EXHIBIT 10.1
JACOBS ENGINEERING GROUP
INC.
1989 EMPLOYEE STOCK PURCHASE
PLAN
(As Amended and Restated — effective
January 22, 2009)
This Employee Stock Purchase Plan
(the “Plan”) is intended to encourage stock ownership
by employees of Jacobs Engineering Group Inc. (the
“Company”) and certain subsidiaries of the Company. The
Plan is intended to qualify as an employee stock purchase plan
under Section 423 of the Internal Revenue Code (the
“Code”).
The Plan shall be administered by a
committee (the “Committee”) appointed by the Board of
Directors of the Company (the “Board”) from among its
members and shall be comprised of not less than three
(3) members of the Board.
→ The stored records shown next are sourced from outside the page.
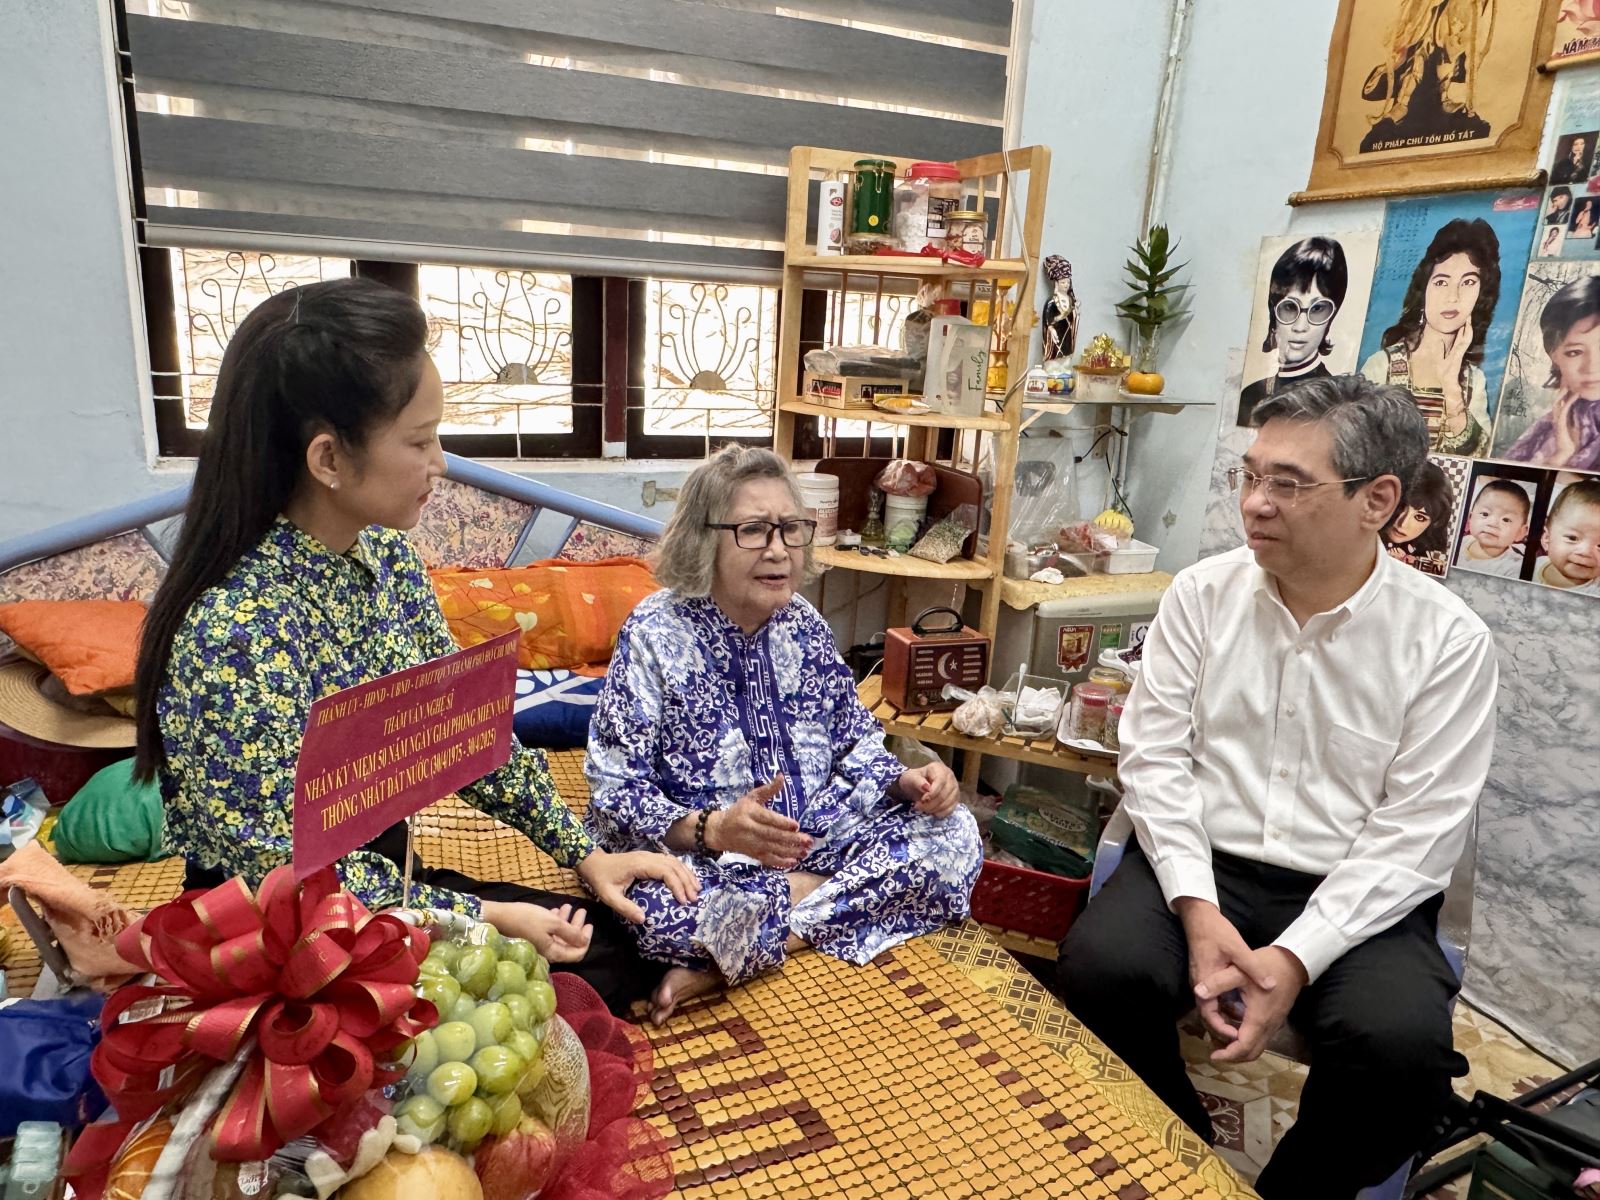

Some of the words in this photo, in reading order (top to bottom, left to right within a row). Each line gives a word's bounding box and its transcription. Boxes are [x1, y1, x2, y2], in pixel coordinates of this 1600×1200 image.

[1372, 140, 1383, 151] HỘ
[1384, 138, 1405, 149] PHÁP
[1425, 134, 1442, 144] TÔN
[317, 701, 347, 727] THÀNH
[304, 768, 334, 804] NHÂN
[352, 752, 376, 782] NIỆM
[377, 747, 387, 770] 50
[388, 737, 408, 765] NĂM
[409, 724, 432, 757] NGÀY
[432, 716, 450, 744] GIẢI
[450, 708, 476, 736] PHÓNG
[476, 699, 495, 724] MIỀN
[495, 694, 511, 717] NAM
[320, 794, 358, 831] THỐNG
[360, 777, 386, 812] NHẤT
[387, 768, 405, 798] ĐẤT
[406, 756, 430, 788] NƯỚC
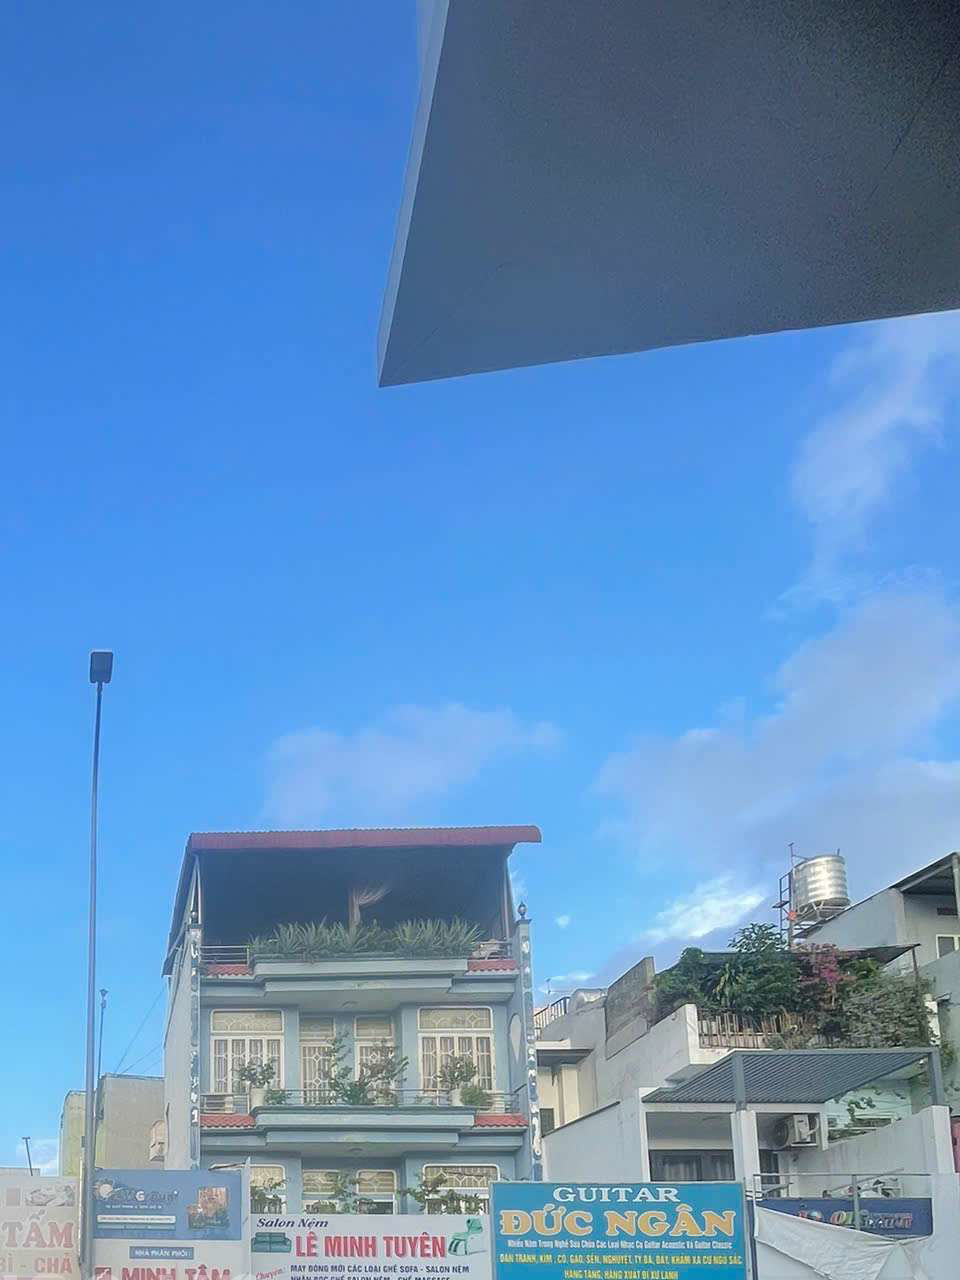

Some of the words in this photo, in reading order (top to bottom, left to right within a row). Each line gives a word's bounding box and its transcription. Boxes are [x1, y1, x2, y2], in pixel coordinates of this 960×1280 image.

[553, 1187, 680, 1202] GUITAR
[1, 1210, 74, 1248] TẤM
[257, 1218, 295, 1228] Salon
[298, 1218, 328, 1230] Nệm
[500, 1204, 593, 1236] ĐỨC
[604, 1204, 736, 1237] NGÂN
[296, 1231, 319, 1258] LÊ
[325, 1236, 377, 1258] MINH
[383, 1232, 447, 1258] TUYÊN
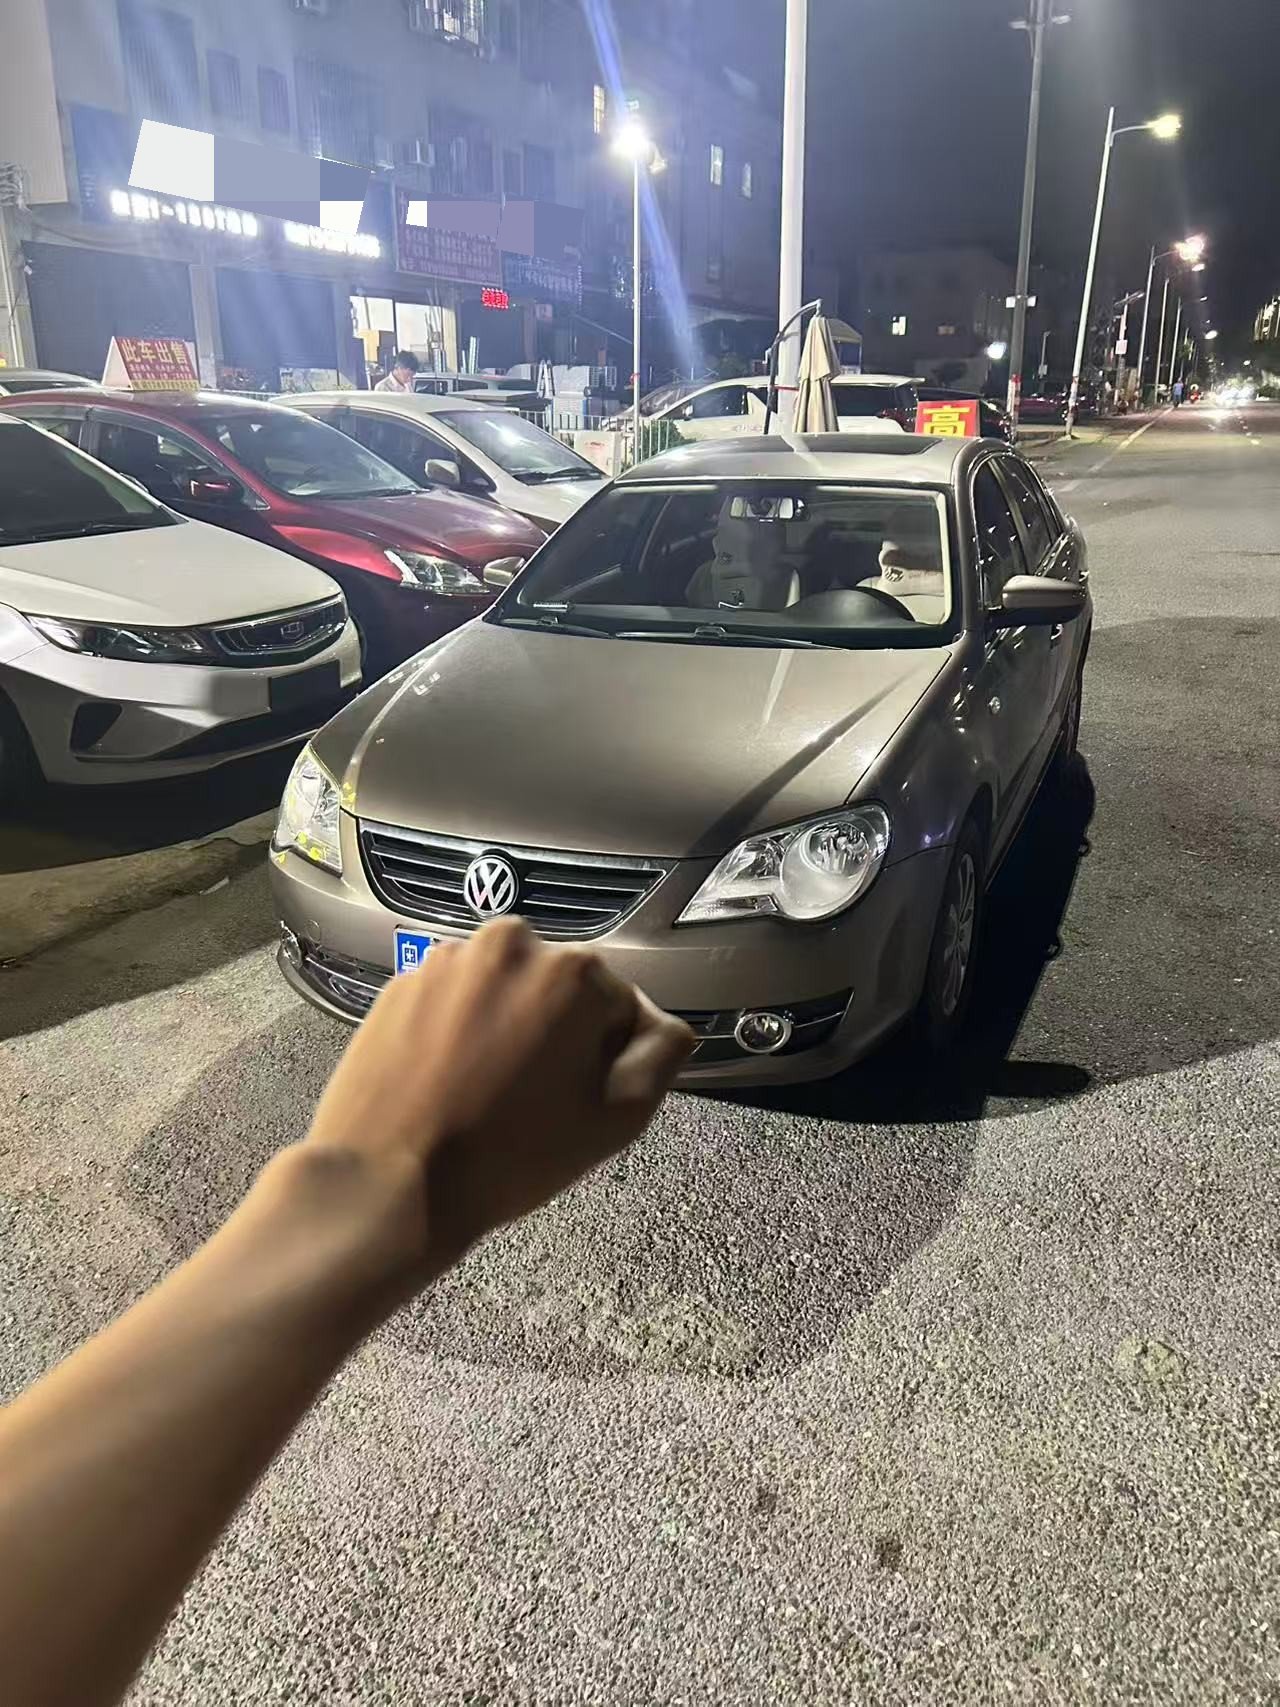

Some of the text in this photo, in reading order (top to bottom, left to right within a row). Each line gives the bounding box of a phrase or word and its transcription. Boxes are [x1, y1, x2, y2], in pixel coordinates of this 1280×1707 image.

[121, 339, 188, 365] 此车出售
[923, 405, 970, 438] 高
Unless and until its members are not
qualified to serve on the Committee pursuant to the provisions of
the Plan, the Human Resource & Compensation Committee of
the Board shall function as the Committee. Members of the Committee
shall be members of the Board who are not eligible to participate
under the Plan or any other plan of the Company or its affiliates
authorizing discretionary grants or awards of stock, stock options
or stock appreciation rights and who have not been eligible to so
participate for at least one (1) year prior to service as an
administrator of the Plan. Eligibility requirements for members of
the Committee shall comply with Rule 16b-3 promulgated pursuant to
the Securities Exchange Act of 1934, as amended (the “1934
Act”) or any successor rule or regulation. No person, other
than members of the Committee, shall have any discretion concerning
decisions regarding the Plan except as otherwise provided in this
Plan. The Committee is authorized to construe and interpret the
Plan, to define the terms used herein, to prescribe, amend and
rescind rules and regulations for the administration of the Plan,
and to take any other action in connection with the administration
of the Plan and Options granted hereunder that it deems
proper.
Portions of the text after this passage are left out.